We are two grade three students who are looking for information about the speckled bear. It is very hard to find.
Why are these bears endangered and what can we do to help?
Is the parental care the same as a brown bear? We hope that you can help.
Rylan and Taryn

Answer
Dear Taryn and Rylan

Thank you for your question. I also wish to thank the authors of the websites I used.

First of all, I think the animal is the 'spectacled bear' not the 'speckled bear' and this explains why you have found it hard to locate information. http://www.andeanbear.org/spectacled-bears.html says this is quite common. Doin't worry about this. I have mispronounced various animal names in my time and I'm not sure how to pronounce some scientific names.

1. http://en.wikipedia.org/wiki/Spectacled_bear, http://wwf.panda.org/about_our_earth/species/profiles/mammals/spectacled_bear/ and http://animals.nationalgeographic.com/animals/mammals/spectacled-bear/say there are various reasons why the spectacled bear is threatened:
A. Local people hunt the bear as they think it will eat livestock, although this bear doesn't normally eat large quantities of meat.
B. The bear is hunted for its gall bladder, which can sell for a large amount of money as it is valued in traditional Chinese medicine and hunters can obtain a lot of money compared to their usual incomes. The bear is also hunted for its paws.
C. The main threat is habitat loss due to extensive logging in order to construct roads, pipelines, farmland and for mining and the cultivation of illegal crops.
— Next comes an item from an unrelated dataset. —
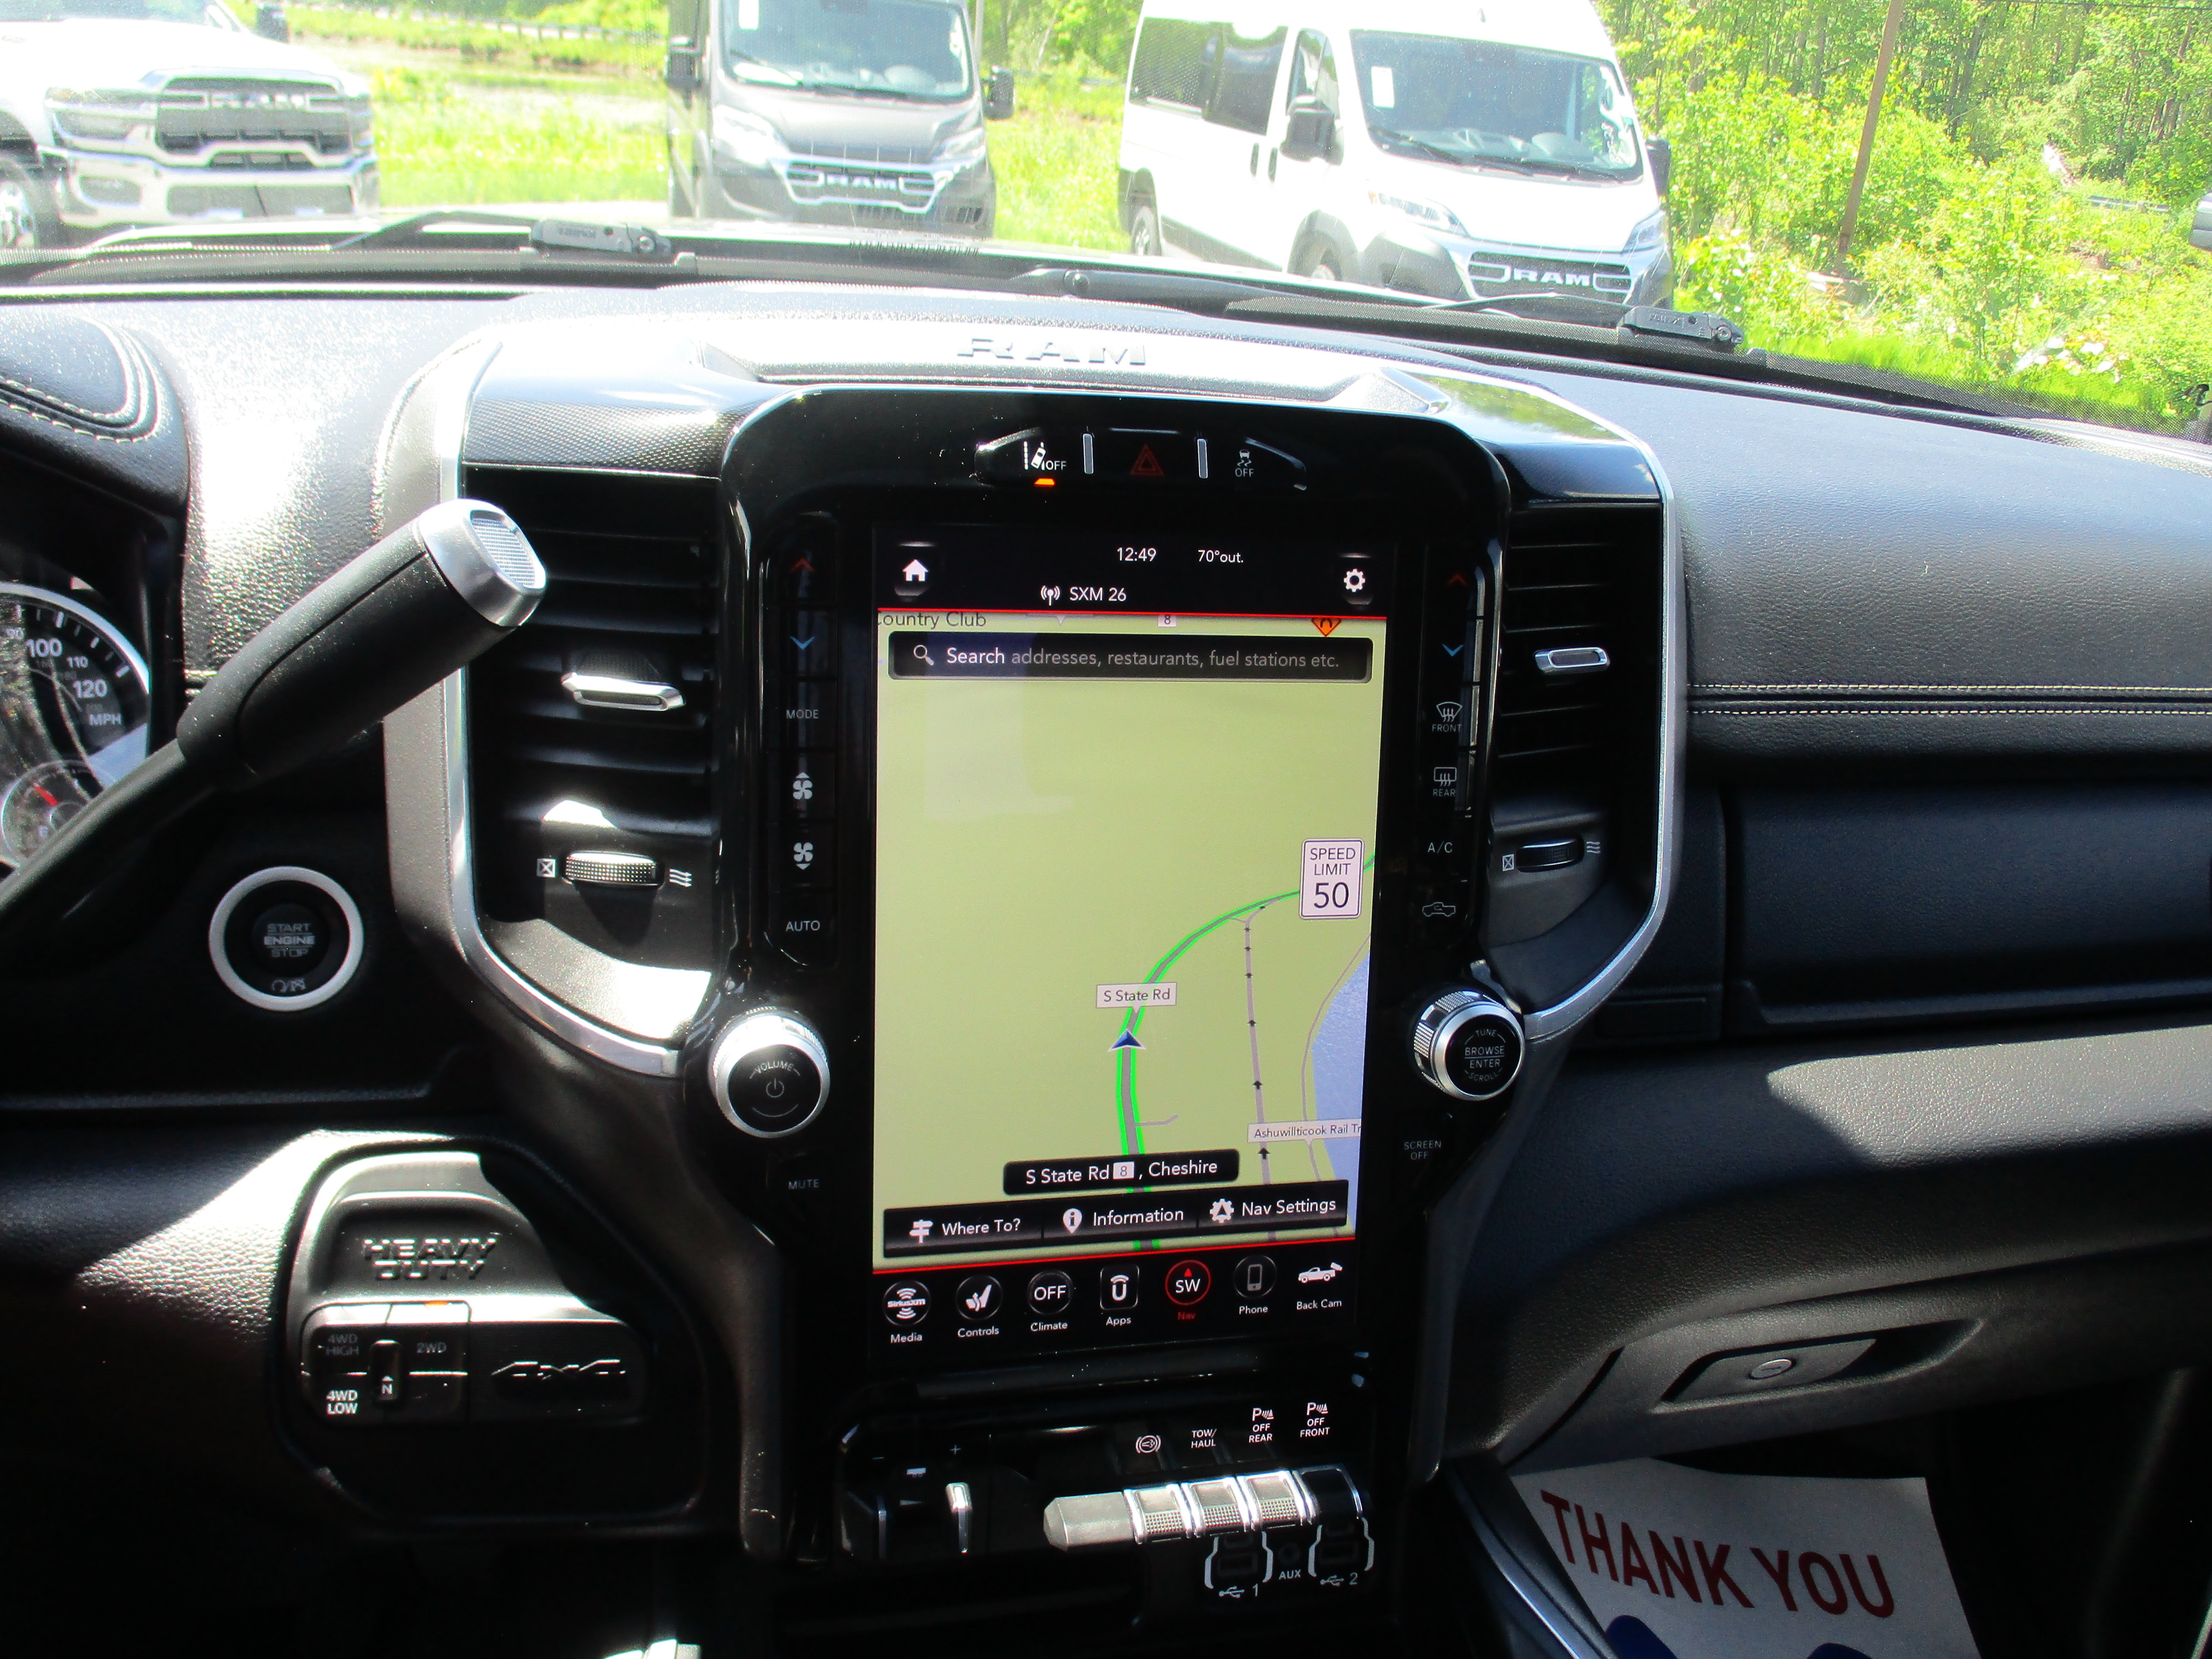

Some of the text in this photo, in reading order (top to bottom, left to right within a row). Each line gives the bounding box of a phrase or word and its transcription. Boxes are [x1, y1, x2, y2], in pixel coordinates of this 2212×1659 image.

This has an adverse effect on this largely tree-dependent bear.
D. Farmers hunt the bears that feed on maize and other crops, due to the loss of their usual food sources.
E. A few people have a lot of property, so poor people often cut down forests to find somewhere to live.

The IUCN has recommended the following courses to conserve the bear: expanding the amount of suitable land for the bears and preventing development there; more research on the bear and the threats it faces; better management of conservation areas and educating people to learn about the bear and why it is worth conserving it.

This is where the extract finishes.